Start of RECORDS SHOWN

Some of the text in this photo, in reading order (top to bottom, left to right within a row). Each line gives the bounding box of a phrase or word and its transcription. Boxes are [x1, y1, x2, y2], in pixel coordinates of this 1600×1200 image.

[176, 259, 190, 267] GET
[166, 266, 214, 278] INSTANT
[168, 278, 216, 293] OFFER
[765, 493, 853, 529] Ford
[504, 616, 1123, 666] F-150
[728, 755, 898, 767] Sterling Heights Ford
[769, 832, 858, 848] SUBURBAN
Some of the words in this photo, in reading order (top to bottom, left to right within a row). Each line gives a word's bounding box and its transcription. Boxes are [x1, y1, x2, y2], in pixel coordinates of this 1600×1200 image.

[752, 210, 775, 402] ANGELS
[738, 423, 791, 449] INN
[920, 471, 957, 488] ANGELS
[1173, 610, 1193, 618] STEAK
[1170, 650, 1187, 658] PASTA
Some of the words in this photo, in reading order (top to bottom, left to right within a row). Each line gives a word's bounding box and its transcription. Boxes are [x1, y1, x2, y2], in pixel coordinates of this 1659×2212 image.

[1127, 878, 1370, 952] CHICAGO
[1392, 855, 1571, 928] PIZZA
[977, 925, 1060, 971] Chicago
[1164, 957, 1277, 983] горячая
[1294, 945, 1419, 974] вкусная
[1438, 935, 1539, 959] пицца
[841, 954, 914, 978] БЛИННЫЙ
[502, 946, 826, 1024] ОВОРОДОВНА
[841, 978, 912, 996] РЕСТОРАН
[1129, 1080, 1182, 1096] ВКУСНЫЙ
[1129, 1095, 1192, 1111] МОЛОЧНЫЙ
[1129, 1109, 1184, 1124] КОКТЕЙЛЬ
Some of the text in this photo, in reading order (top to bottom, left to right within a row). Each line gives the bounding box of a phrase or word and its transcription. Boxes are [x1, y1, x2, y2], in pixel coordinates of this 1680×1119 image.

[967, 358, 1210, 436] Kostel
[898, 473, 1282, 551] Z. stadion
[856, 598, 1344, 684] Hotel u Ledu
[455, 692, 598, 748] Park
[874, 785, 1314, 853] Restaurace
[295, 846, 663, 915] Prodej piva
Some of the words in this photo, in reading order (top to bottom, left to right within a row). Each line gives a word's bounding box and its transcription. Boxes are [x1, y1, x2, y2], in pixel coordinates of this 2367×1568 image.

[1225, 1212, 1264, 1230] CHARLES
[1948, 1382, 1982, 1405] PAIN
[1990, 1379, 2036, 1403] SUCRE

End of RECORDS SHOWN

DIRECTIONS
Could you give the data again, word for word?

SOLUTION TO THE PROBLEM
Some of the text in this photo, in reading order (top to bottom, left to right within a row). Each line gives the bounding box of a phrase or word and its transcription. Boxes are [x1, y1, x2, y2], in pixel coordinates of this 1600×1200 image.

[176, 259, 190, 267] GET
[166, 266, 214, 278] INSTANT
[168, 278, 216, 293] OFFER
[765, 493, 853, 529] Ford
[504, 616, 1123, 666] F-150
[728, 755, 898, 767] Sterling Heights Ford
[769, 832, 858, 848] SUBURBAN
Some of the words in this photo, in reading order (top to bottom, left to right within a row). Each line gives a word's bounding box and its transcription. Boxes are [x1, y1, x2, y2], in pixel coordinates of this 1600×1200 image.

[752, 210, 775, 402] ANGELS
[738, 423, 791, 449] INN
[920, 471, 957, 488] ANGELS
[1173, 610, 1193, 618] STEAK
[1170, 650, 1187, 658] PASTA
Some of the words in this photo, in reading order (top to bottom, left to right within a row). Each line gives a word's bounding box and its transcription. Boxes are [x1, y1, x2, y2], in pixel coordinates of this 1659×2212 image.

[1127, 878, 1370, 952] CHICAGO
[1392, 855, 1571, 928] PIZZA
[977, 925, 1060, 971] Chicago
[1164, 957, 1277, 983] горячая
[1294, 945, 1419, 974] вкусная
[1438, 935, 1539, 959] пицца
[841, 954, 914, 978] БЛИННЫЙ
[502, 946, 826, 1024] ОВОРОДОВНА
[841, 978, 912, 996] РЕСТОРАН
[1129, 1080, 1182, 1096] ВКУСНЫЙ
[1129, 1095, 1192, 1111] МОЛОЧНЫЙ
[1129, 1109, 1184, 1124] КОКТЕЙЛЬ
Some of the text in this photo, in reading order (top to bottom, left to right within a row). Each line gives the bounding box of a phrase or word and its transcription. Boxes are [x1, y1, x2, y2], in pixel coordinates of this 1680×1119 image.

[967, 358, 1210, 436] Kostel
[898, 473, 1282, 551] Z. stadion
[856, 598, 1344, 684] Hotel u Ledu
[455, 692, 598, 748] Park
[874, 785, 1314, 853] Restaurace
[295, 846, 663, 915] Prodej piva
Some of the words in this photo, in reading order (top to bottom, left to right within a row). Each line gives a word's bounding box and its transcription. Boxes are [x1, y1, x2, y2], in pixel coordinates of this 2367×1568 image.

[1225, 1212, 1264, 1230] CHARLES
[1948, 1382, 1982, 1405] PAIN
[1990, 1379, 2036, 1403] SUCRE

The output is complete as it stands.